The All-Star game is tomorrow night in Cleveland. Below, something to keep you busy between innings and during mound visits.
Rita and I recently completed our fourth annual stadium tour. We were joined on the bus by 43 other baseball fans from around the country. As always, the tickets, hotels and other details were superbly handled by Darren Zinser who runs Triple Crown Travel (click here if you have an interest in a future trip). First stop, Minneapolis…
Target Field – Minnesota Twins: Named for the discount retailer. Opened in 2010.

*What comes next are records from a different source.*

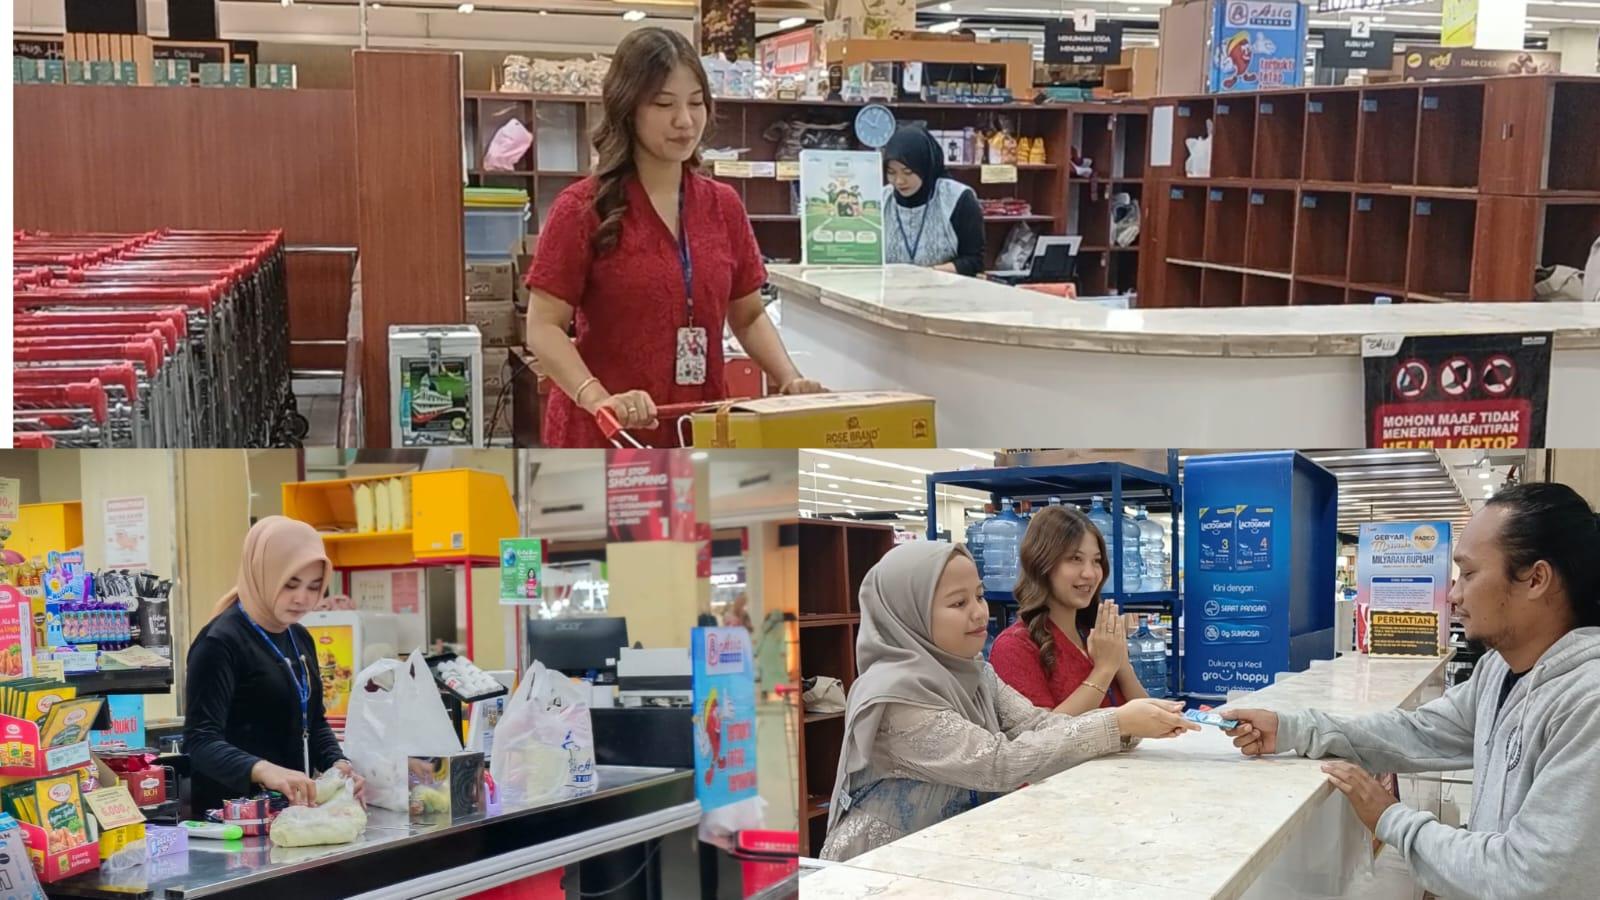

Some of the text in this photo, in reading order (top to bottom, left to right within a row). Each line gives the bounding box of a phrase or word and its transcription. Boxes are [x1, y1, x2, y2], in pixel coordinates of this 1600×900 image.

[1082, 14, 1088, 27] 1
[1356, 21, 1366, 33] 2
[1383, 410, 1521, 428] MOHON MAAF TIDAK
[826, 428, 878, 442] ROSE BRAND
[1382, 422, 1519, 440] MENERIMA PENITIPAN
[608, 474, 668, 489] SHOPPING
[659, 517, 669, 538] 1
[1221, 539, 1229, 550] 3
[1260, 537, 1268, 549] 4
[1213, 584, 1254, 594] Kini dengan
[1240, 604, 1267, 613] PANGAN
[1377, 615, 1431, 625] PERHATIAN
[555, 623, 582, 631] acer
[1208, 659, 1236, 669] Dukung
[1245, 660, 1262, 668] Kecil
[1236, 671, 1269, 684] happy
[143, 788, 158, 798] RICH
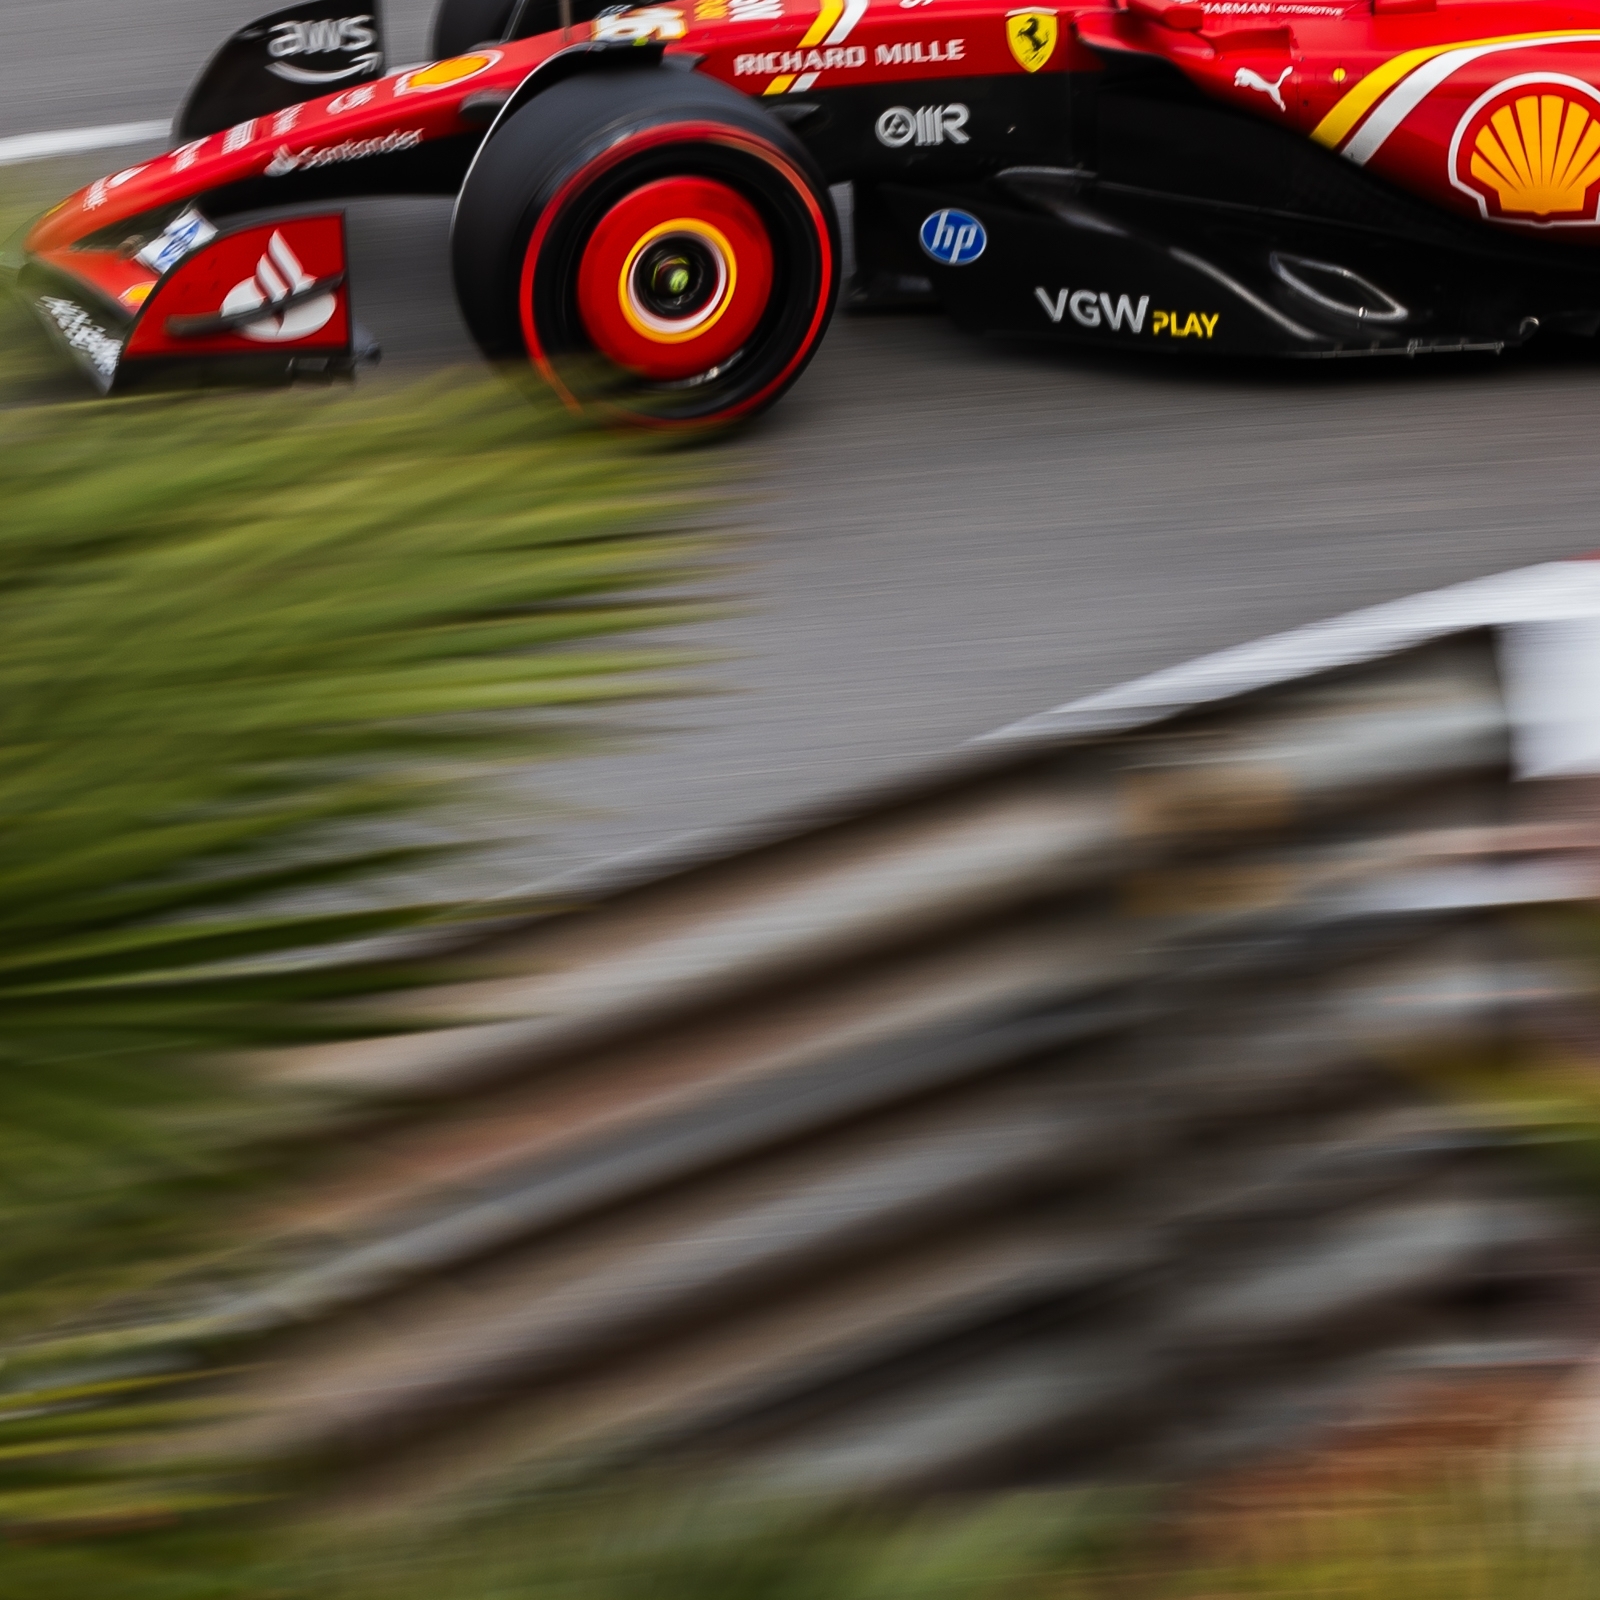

For almost 60 years, the Minneapolis Millers and St. Paul Saints were minor league teams in the American Association. I grew up knowing about them because one of their big rivals was the Kansas City Blues. The league also had the Toledo Mud Hens, the home team for Klinger in MASH.
In 1956, the city of Minneapolis took the risk of building Metropolitan Stadium in Bloomington, a suburb about equally distant from Minneapolis and St. Paul. The initial tenant was the Millers, but the goal was to attract a major league team. It worked. In 1961, the Washington Senators relocated and became the Minnesota Twins.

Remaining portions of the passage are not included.